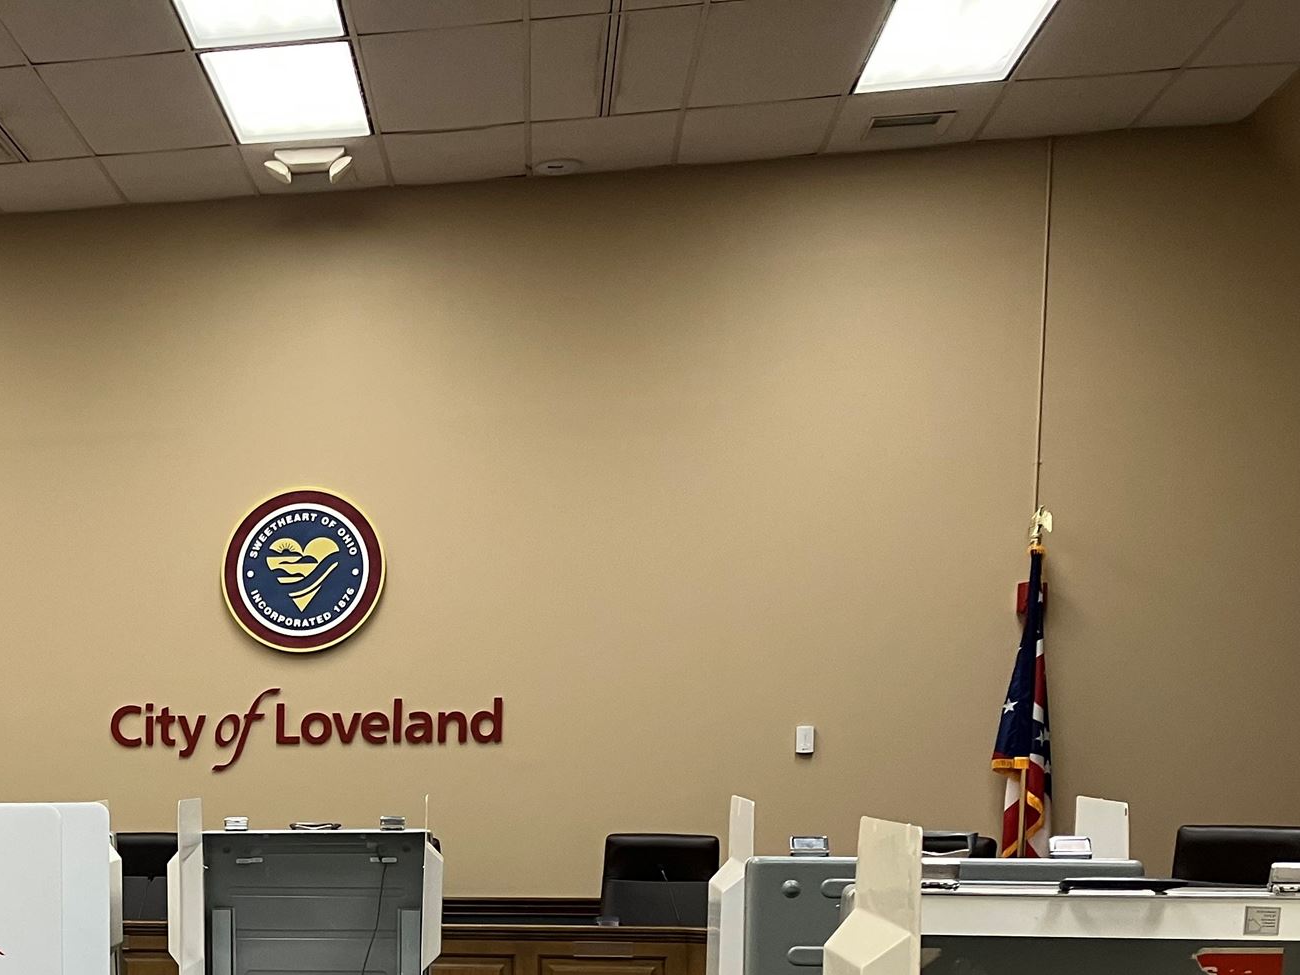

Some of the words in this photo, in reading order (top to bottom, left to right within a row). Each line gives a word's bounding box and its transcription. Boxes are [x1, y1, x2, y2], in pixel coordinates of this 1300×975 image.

[249, 512, 318, 559] SWEETHEART
[321, 516, 337, 528] OF
[337, 527, 358, 556] OHIO
[250, 589, 332, 628] INCORPORATED
[333, 587, 355, 613] 1876
[110, 703, 206, 759] City
[212, 688, 281, 773] of
[276, 697, 503, 744] Loveland

•••••

**Work to be completed:**
The answer must be an exact copy of the records, with no pictures in it.

**Solved exercise:**
Some of the words in this photo, in reading order (top to bottom, left to right within a row). Each line gives a word's bounding box and its transcription. Boxes are [x1, y1, x2, y2], in pixel coordinates of this 1300×975 image.

[249, 512, 318, 559] SWEETHEART
[321, 516, 337, 528] OF
[337, 527, 358, 556] OHIO
[250, 589, 332, 628] INCORPORATED
[333, 587, 355, 613] 1876
[110, 703, 206, 759] City
[212, 688, 281, 773] of
[276, 697, 503, 744] Loveland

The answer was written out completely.